→ **Directions**
Copy out the listing that follows, exactly, without its pictures.

################

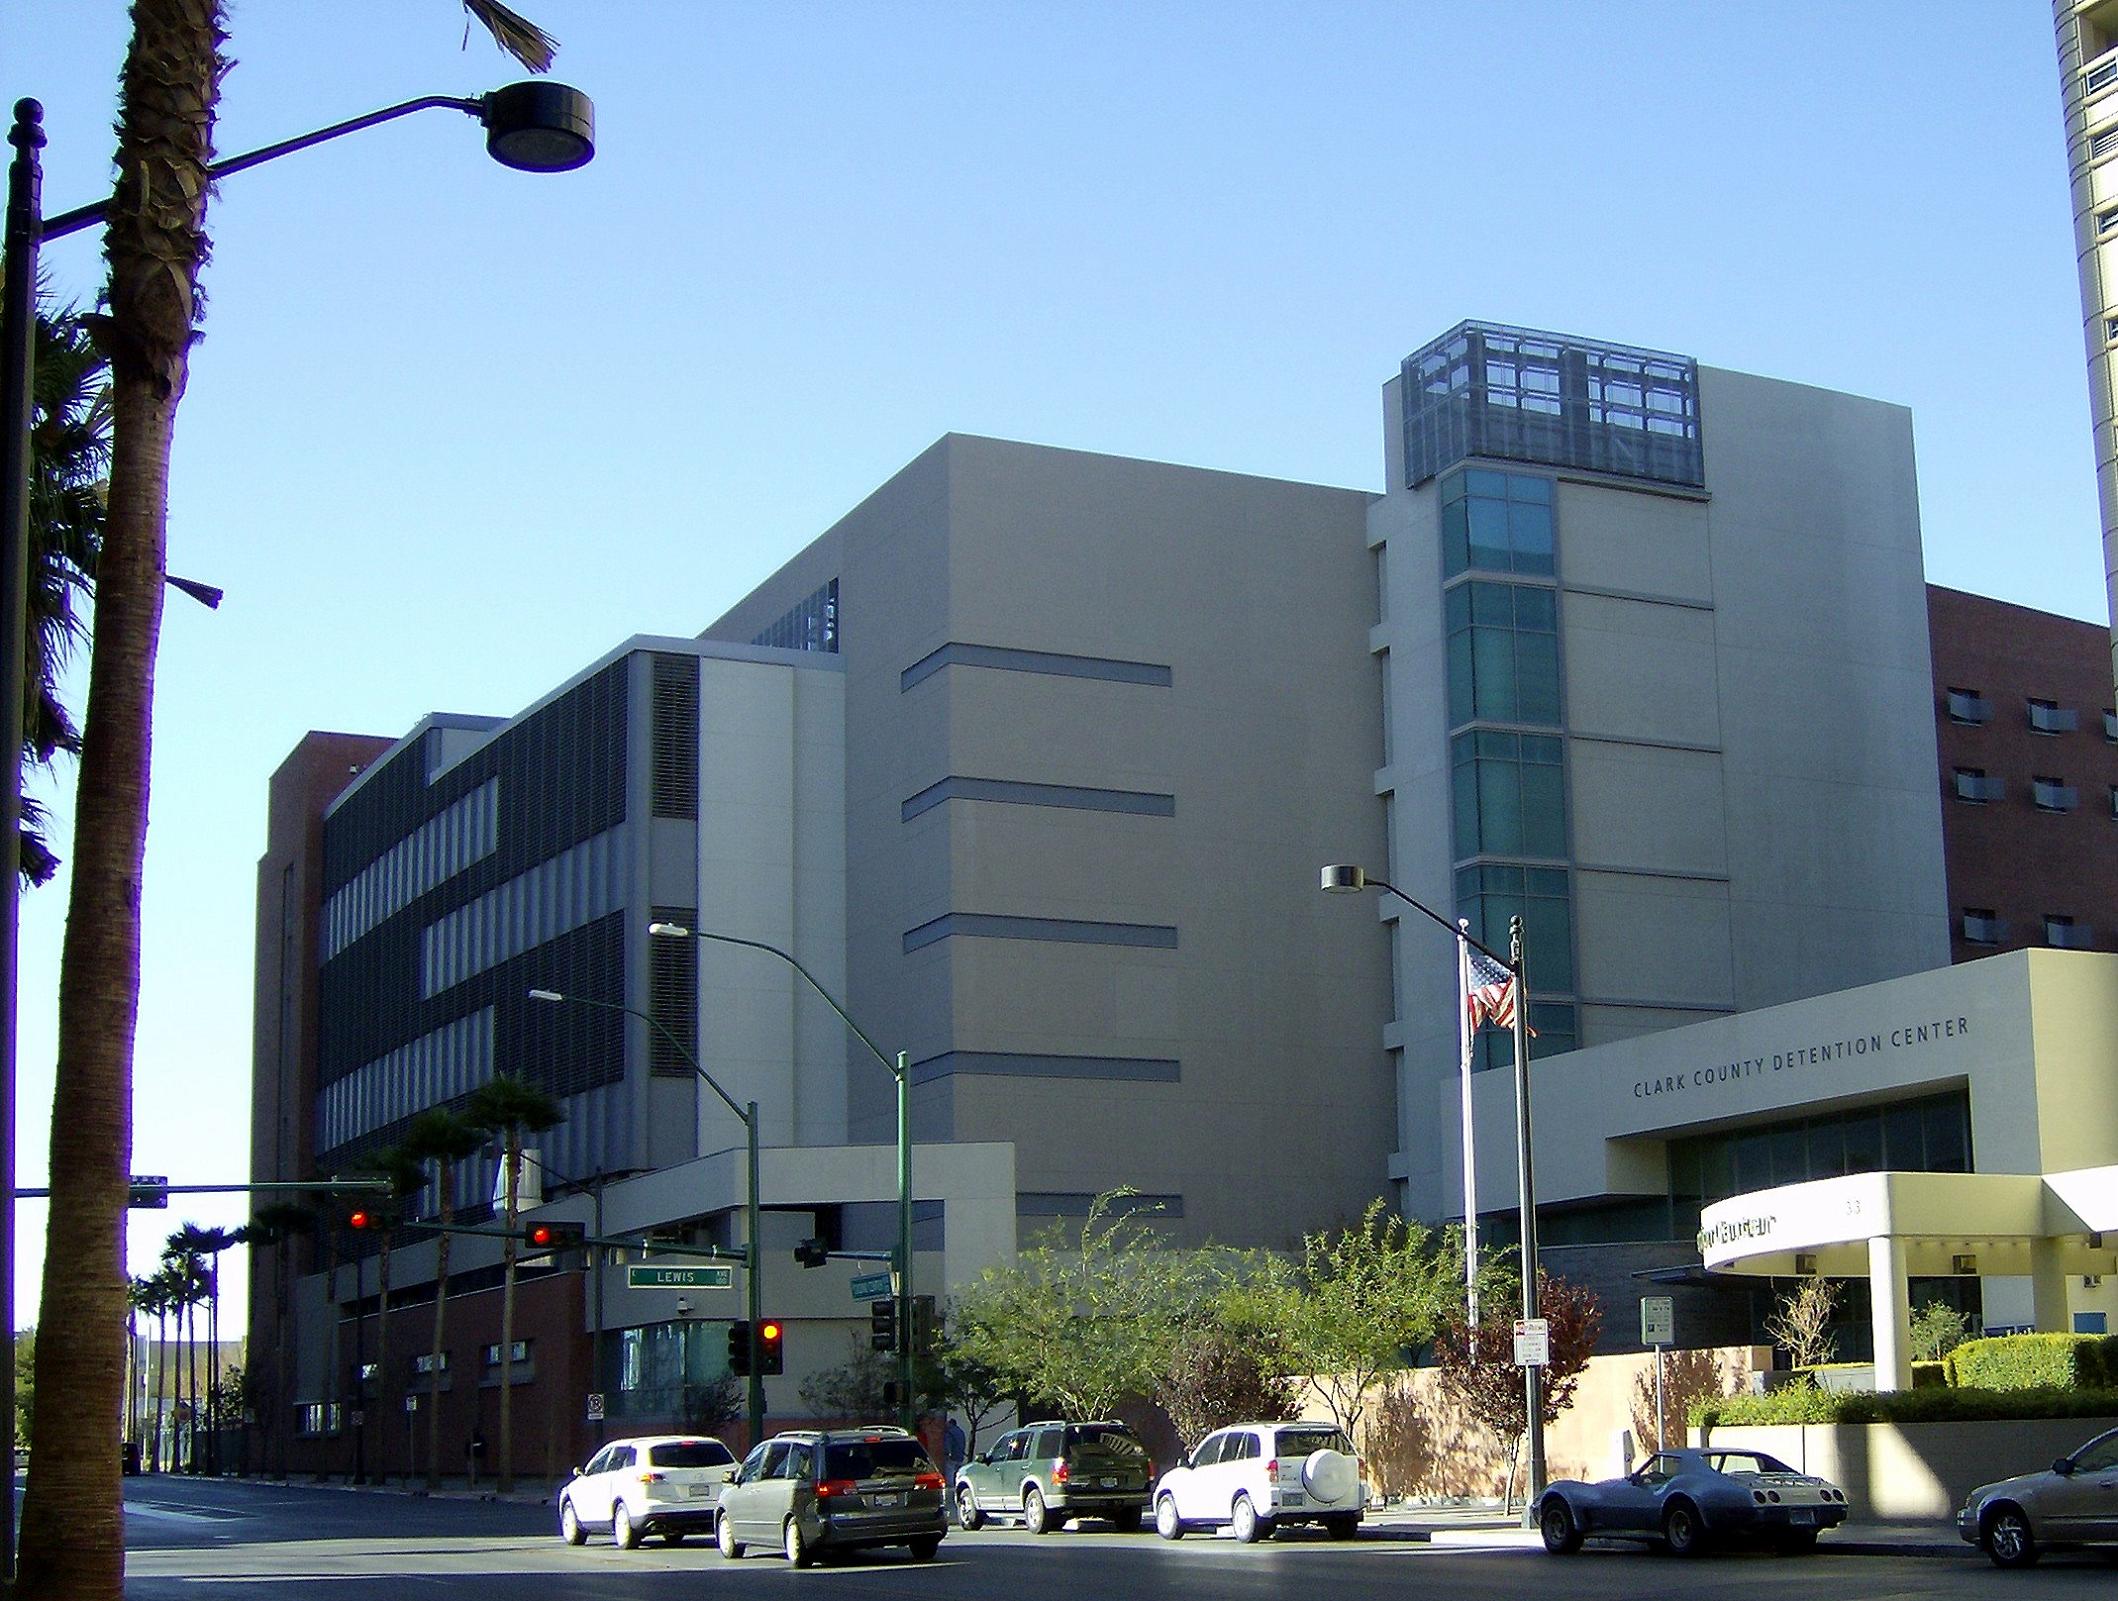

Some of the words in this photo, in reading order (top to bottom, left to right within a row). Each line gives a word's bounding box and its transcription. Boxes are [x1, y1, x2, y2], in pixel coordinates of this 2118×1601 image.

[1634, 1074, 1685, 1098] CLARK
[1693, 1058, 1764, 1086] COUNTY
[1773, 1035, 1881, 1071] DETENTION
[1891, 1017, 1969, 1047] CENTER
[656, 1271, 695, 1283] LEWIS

################

→ **The answer**
Some of the words in this photo, in reading order (top to bottom, left to right within a row). Each line gives a word's bounding box and its transcription. Boxes are [x1, y1, x2, y2], in pixel coordinates of this 2118×1601 image.

[1634, 1074, 1685, 1098] CLARK
[1693, 1058, 1764, 1086] COUNTY
[1773, 1035, 1881, 1071] DETENTION
[1891, 1017, 1969, 1047] CENTER
[656, 1271, 695, 1283] LEWIS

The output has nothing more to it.